══ EXTRACTED ENTRIES ══

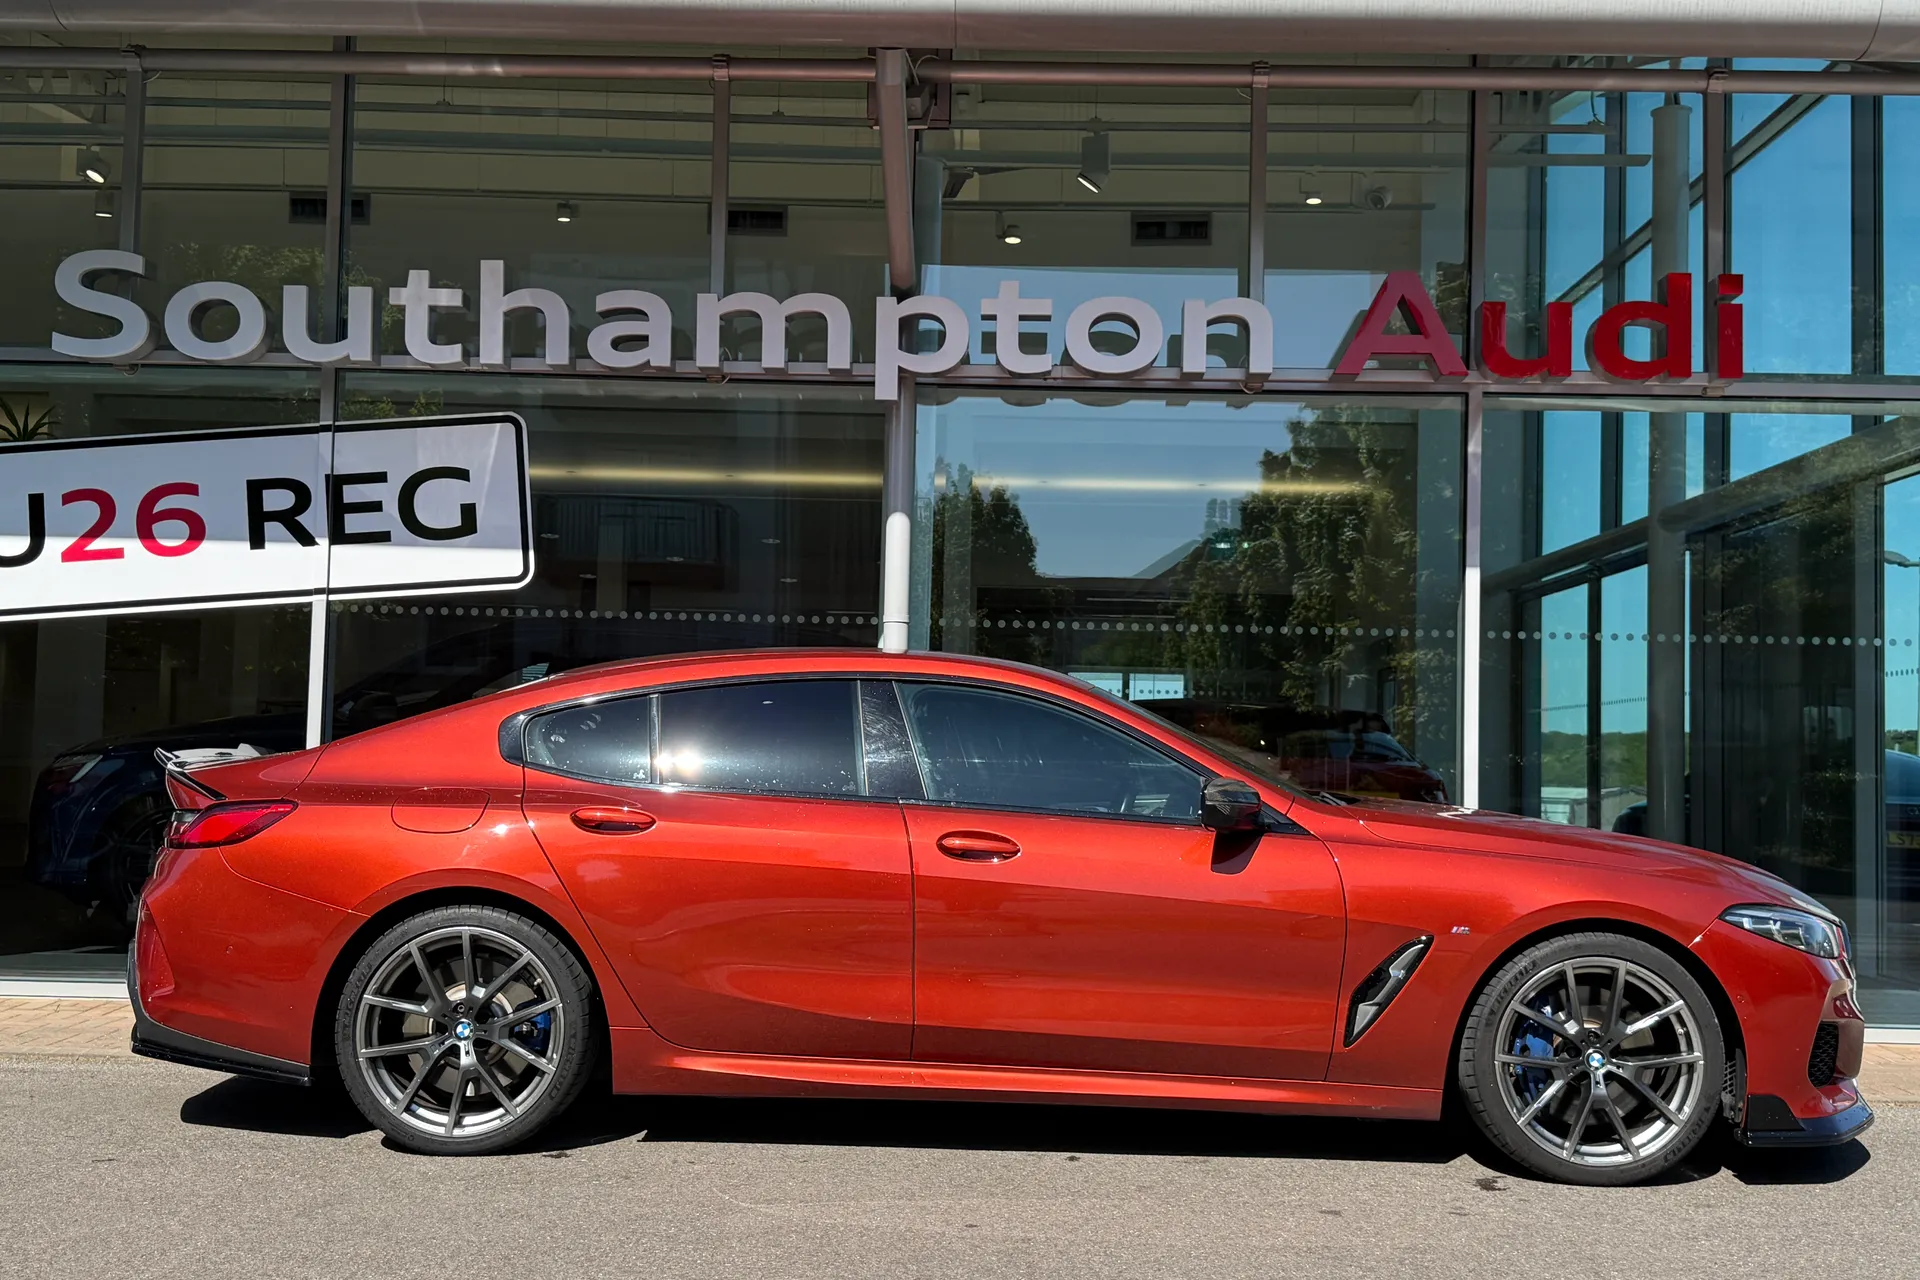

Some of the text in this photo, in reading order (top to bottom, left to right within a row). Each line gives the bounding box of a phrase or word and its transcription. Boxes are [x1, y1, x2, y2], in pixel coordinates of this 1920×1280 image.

[51, 249, 1744, 401] Southampton Audi
[246, 466, 478, 551] REG
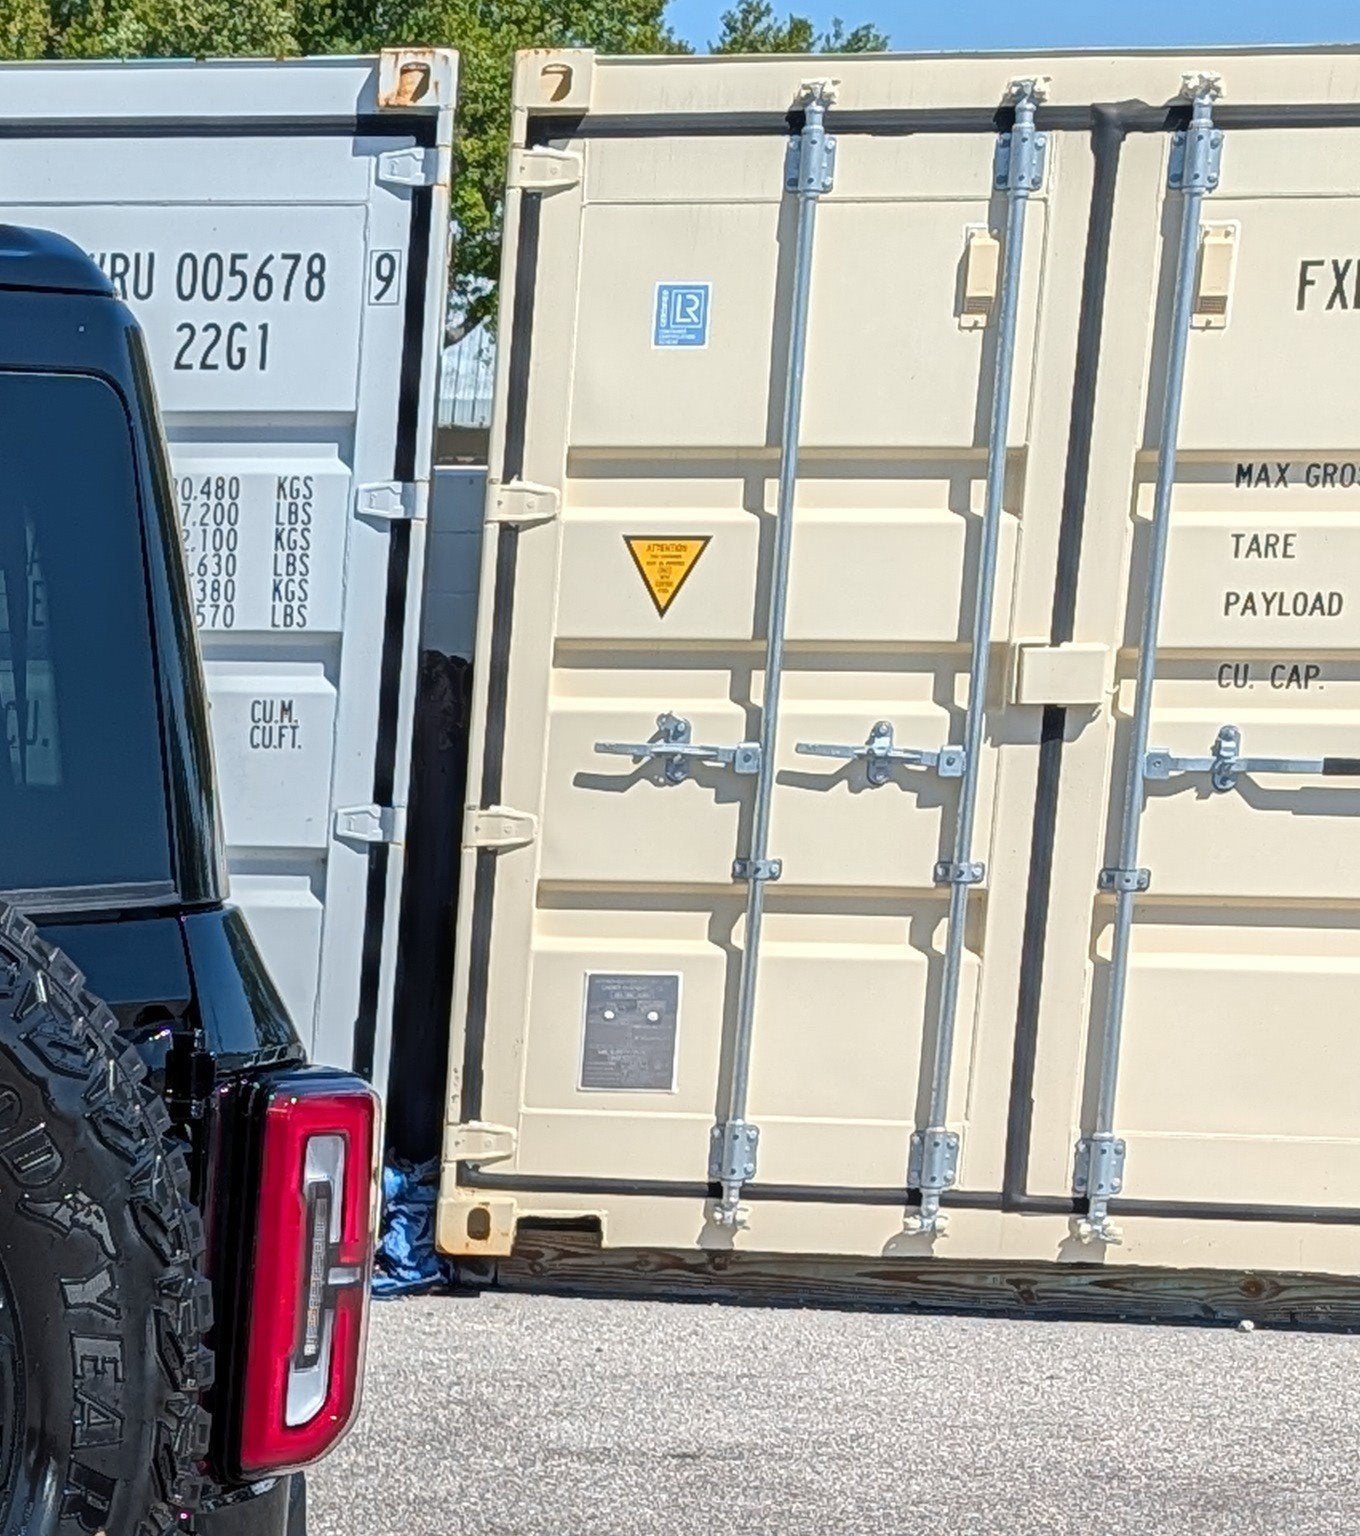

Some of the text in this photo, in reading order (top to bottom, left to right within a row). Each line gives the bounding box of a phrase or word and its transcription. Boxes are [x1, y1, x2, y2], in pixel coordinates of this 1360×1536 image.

[176, 252, 327, 302] 005678
[374, 252, 397, 302] 9
[1296, 258, 1360, 311] FX
[173, 321, 271, 371] 22G1
[1235, 462, 1360, 488] MAX GRO
[276, 476, 314, 501] KGS
[275, 502, 313, 527] LBS
[274, 527, 312, 552] KGS
[1231, 533, 1297, 559] TARE
[185, 552, 310, 577] .630 LBS
[272, 578, 309, 603] KGS
[270, 604, 308, 628] LBS
[1223, 591, 1344, 617] PAYLOAD
[1217, 663, 1325, 690] CU. CAP.
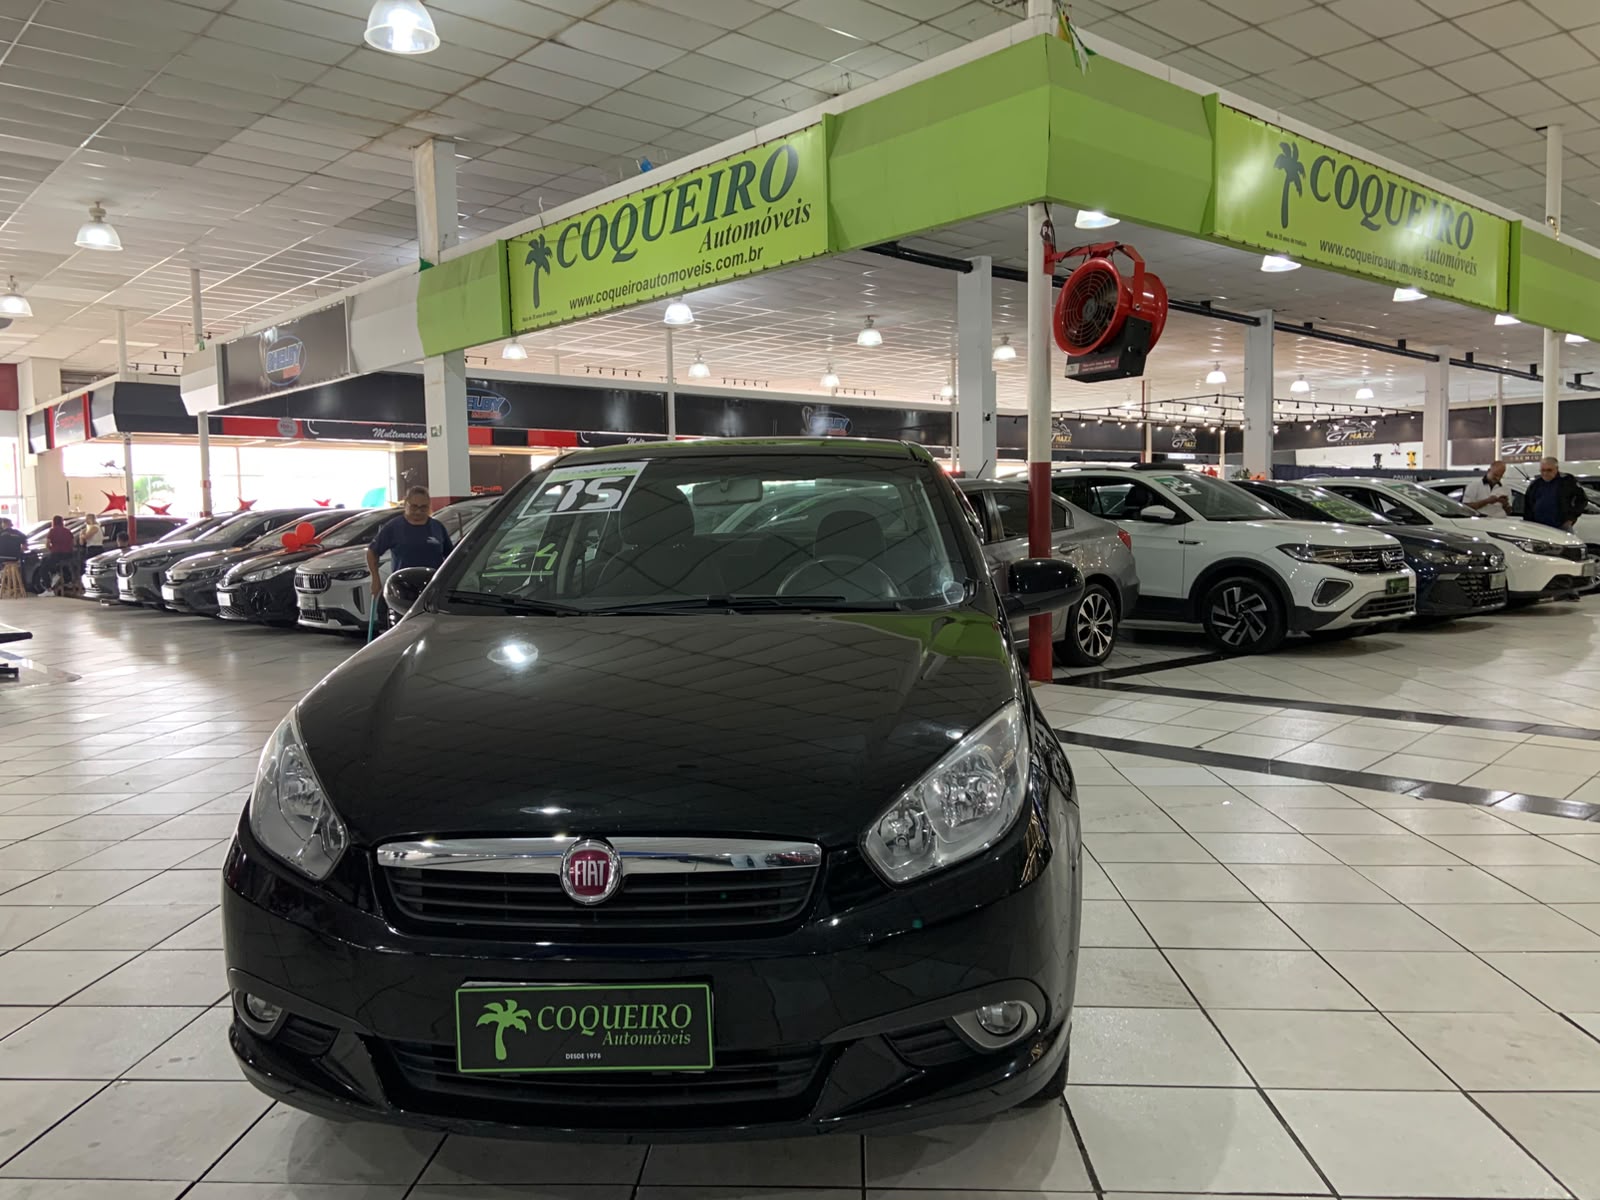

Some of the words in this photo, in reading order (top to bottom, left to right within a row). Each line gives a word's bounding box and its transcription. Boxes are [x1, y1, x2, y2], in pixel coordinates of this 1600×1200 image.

[556, 144, 798, 268] COQUEIRO
[1309, 155, 1474, 250] COQUEIRO
[698, 197, 812, 253] Automóveis
[1318, 239, 1456, 288] www.coqueiroautomoveis.com.br
[1421, 245, 1478, 276] Automóveis
[569, 246, 764, 310] www.coqueiroautomoveis.com.br
[467, 395, 505, 412] ELBY
[1501, 442, 1534, 456] GT
[1525, 444, 1543, 454] MA
[556, 476, 623, 512] 15
[497, 543, 559, 570] 1.4
[574, 860, 607, 887] FIAT
[537, 1003, 693, 1037] COQUEIRO
[602, 1029, 692, 1046] Automóveis

═══

For this exercise, output the records exactly but omit their pictures.

Some of the text in this photo, in reading order (top to bottom, left to right within a row). Each line gives the bounding box of a phrase or word and its transcription. Boxes are [x1, y1, x2, y2], in pixel coordinates of this 1920×1280 image.

[51, 249, 1744, 401] Southampton Audi
[246, 466, 478, 551] REG

Some of the text in this photo, in reading order (top to bottom, left to right within a row). Each line gives the bounding box of a phrase or word and its transcription. Boxes are [x1, y1, x2, y2], in pixel coordinates of this 1360×1536 image.

[176, 252, 327, 302] 005678
[374, 252, 397, 302] 9
[1296, 258, 1360, 311] FX
[173, 321, 271, 371] 22G1
[1235, 462, 1360, 488] MAX GRO
[276, 476, 314, 501] KGS
[275, 502, 313, 527] LBS
[274, 527, 312, 552] KGS
[1231, 533, 1297, 559] TARE
[185, 552, 310, 577] .630 LBS
[272, 578, 309, 603] KGS
[270, 604, 308, 628] LBS
[1223, 591, 1344, 617] PAYLOAD
[1217, 663, 1325, 690] CU. CAP.

Some of the words in this photo, in reading order (top to bottom, left to right within a row). Each line gives a word's bounding box and its transcription. Boxes are [x1, y1, x2, y2], in pixel coordinates of this 1600×1200 image.

[556, 144, 798, 268] COQUEIRO
[1309, 155, 1474, 250] COQUEIRO
[698, 197, 812, 253] Automóveis
[1318, 239, 1456, 288] www.coqueiroautomoveis.com.br
[1421, 245, 1478, 276] Automóveis
[569, 246, 764, 310] www.coqueiroautomoveis.com.br
[467, 395, 505, 412] ELBY
[1501, 442, 1534, 456] GT
[1525, 444, 1543, 454] MA
[556, 476, 623, 512] 15
[497, 543, 559, 570] 1.4
[574, 860, 607, 887] FIAT
[537, 1003, 693, 1037] COQUEIRO
[602, 1029, 692, 1046] Automóveis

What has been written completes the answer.